Termoelectricidad

Sección de un termopar o termocupla.

Se denominan fenómenos termoeléctricos o termoelectricidad a tres fenómenos relacionados entre sí por las relaciones de Thomson, descubiertas por lord Kelvin:[1] el efecto Seebeck, el efecto Peltier y el efecto Thomson.

Cuando dos metales distintos a temperaturas diferentes se ponen en contacto formando una unión bimetálica, entre ambos lados de la unión se genera una fuerza electromotriz. Este fenómeno se denomina efecto Seebeck y es la base del funcionamiento de los termopares, un tipo de termómetro usado en el control del flujo de gas en dispositivos domésticos como cocinas, calefactores y calentadores de agua corriente.

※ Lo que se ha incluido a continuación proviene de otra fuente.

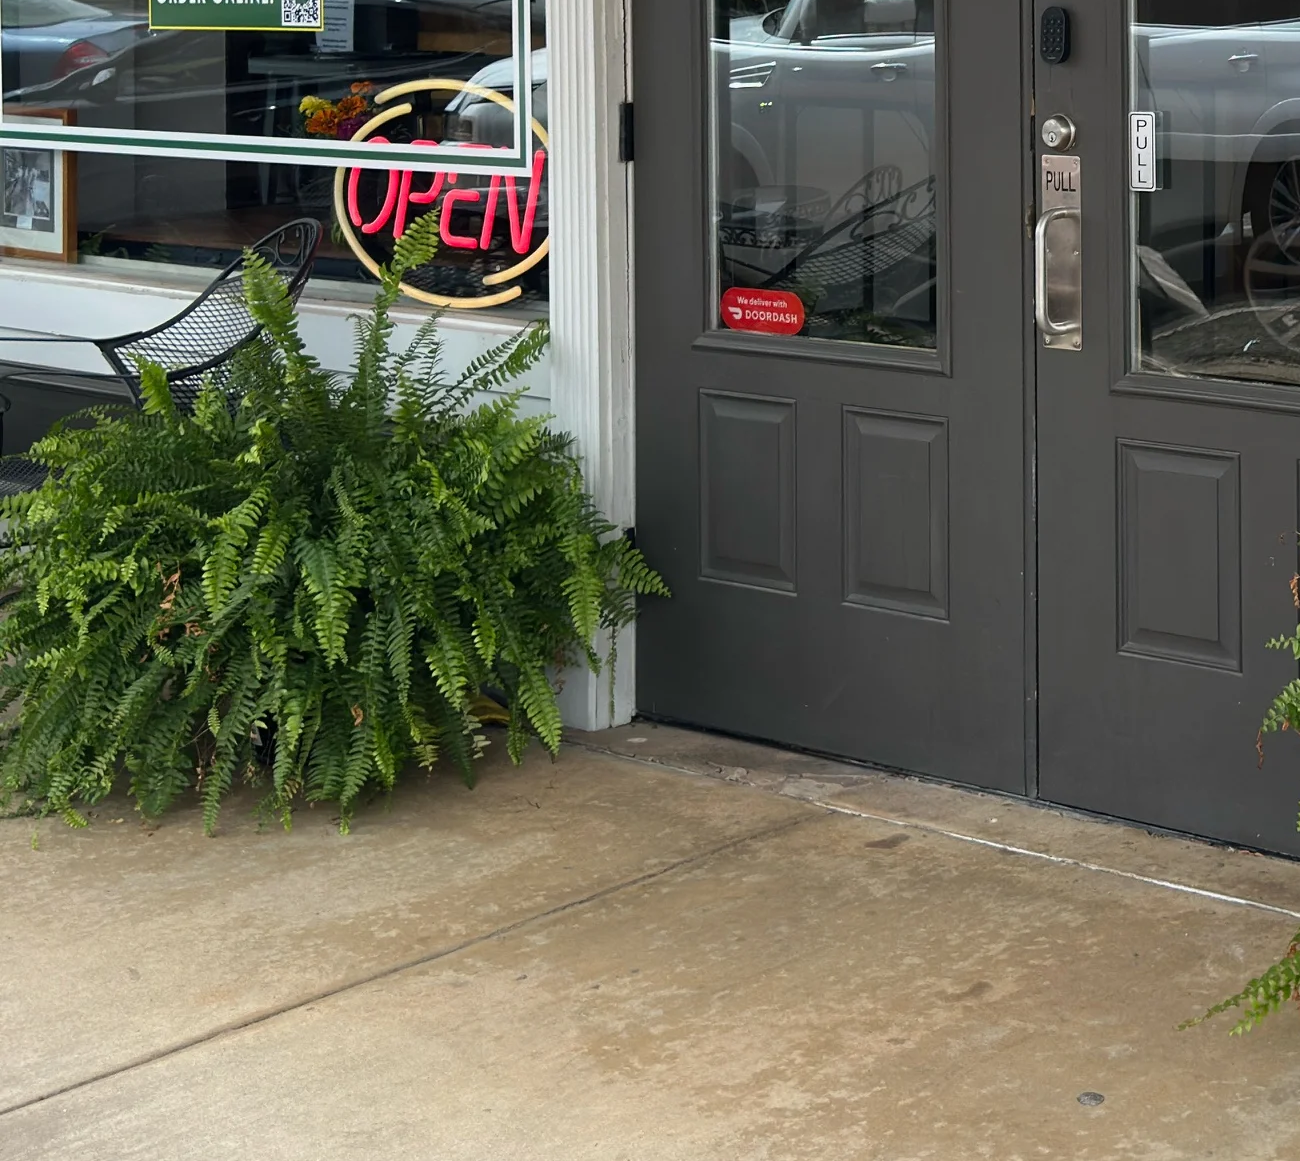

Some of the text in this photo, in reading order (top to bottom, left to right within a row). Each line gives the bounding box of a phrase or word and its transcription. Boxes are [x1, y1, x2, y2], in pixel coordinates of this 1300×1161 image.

Cuando se hace circular una corriente a través de una unión bimetálica, para mantener constante la temperatura de la unión hay que entregar o extraer calor, según sea el sentido de circulación. Este fenómeno, llamado efecto Peltier, tiene aplicación práctica en dispositivos de refrigeración pequeños, teniendo la ventaja, a diferencia de los refrigeradores basados en la compresión y descompresión de gases, de no tener partes móviles que se desgasten.

Es menos conocido el fenómeno denominado efecto Thomson, descubierto por William Thomson, lord Kelvin. Cuando fluye una corriente a través de un conductor homogéneo de sección transversal constante donde se ha establecido un gradiente de temperatura, para mantener invariable la distribución de temperatura hay que entregar o extraer calor del conductor.[2]

Aspectos históricos

El primer efecto termoeléctrico fue descubierto por el físico alemán Thomas Johann Seebeck en 1821. Seebeck se dio cuenta de que una aguja metálica es desviada cuando se le sitúa entre dos conductores de materiales distintos unidos por uno de sus extremos y sometidos a una diferencia de temperatura (véase Efecto Seebeck). Este efecto es de origen eléctrico, ya que al unir dos materiales distintos y someterlos a una diferencia de temperatura aparece una diferencia de potencial. La principal aplicación práctica del efecto Seebeck es la medida de temperatura mediante termopares.[4]

Unos años más tarde, en 1834, el físico francés Jean-Charles Peltier descubrió el segundo efecto termoeléctrico: en la unión de dos materiales diferentes sometidos a una corriente eléctrica aparece una diferencia de temperaturas (véase Efecto Peltier).

El físico inglés William Thomson (lord Kelvin) demuestra en 1851 que los efectos Seebeck y Peltier están relacionados: un material sometido a un gradiente de temperatura y recorrido por una corriente eléctrica intercambia calor con el medio exterior. Recíprocamente, un material sometido a un gradiente de temperatura y recorrido por un flujo de calor genera una corriente eléctrica. La diferencia fundamental entre los efectos Seebeck y Peltier considerados por separado y el efecto Thomson es la existencia de este último en un único material, sin necesidad de que exista una unión entre materiales distintos (véase Efecto Thomson).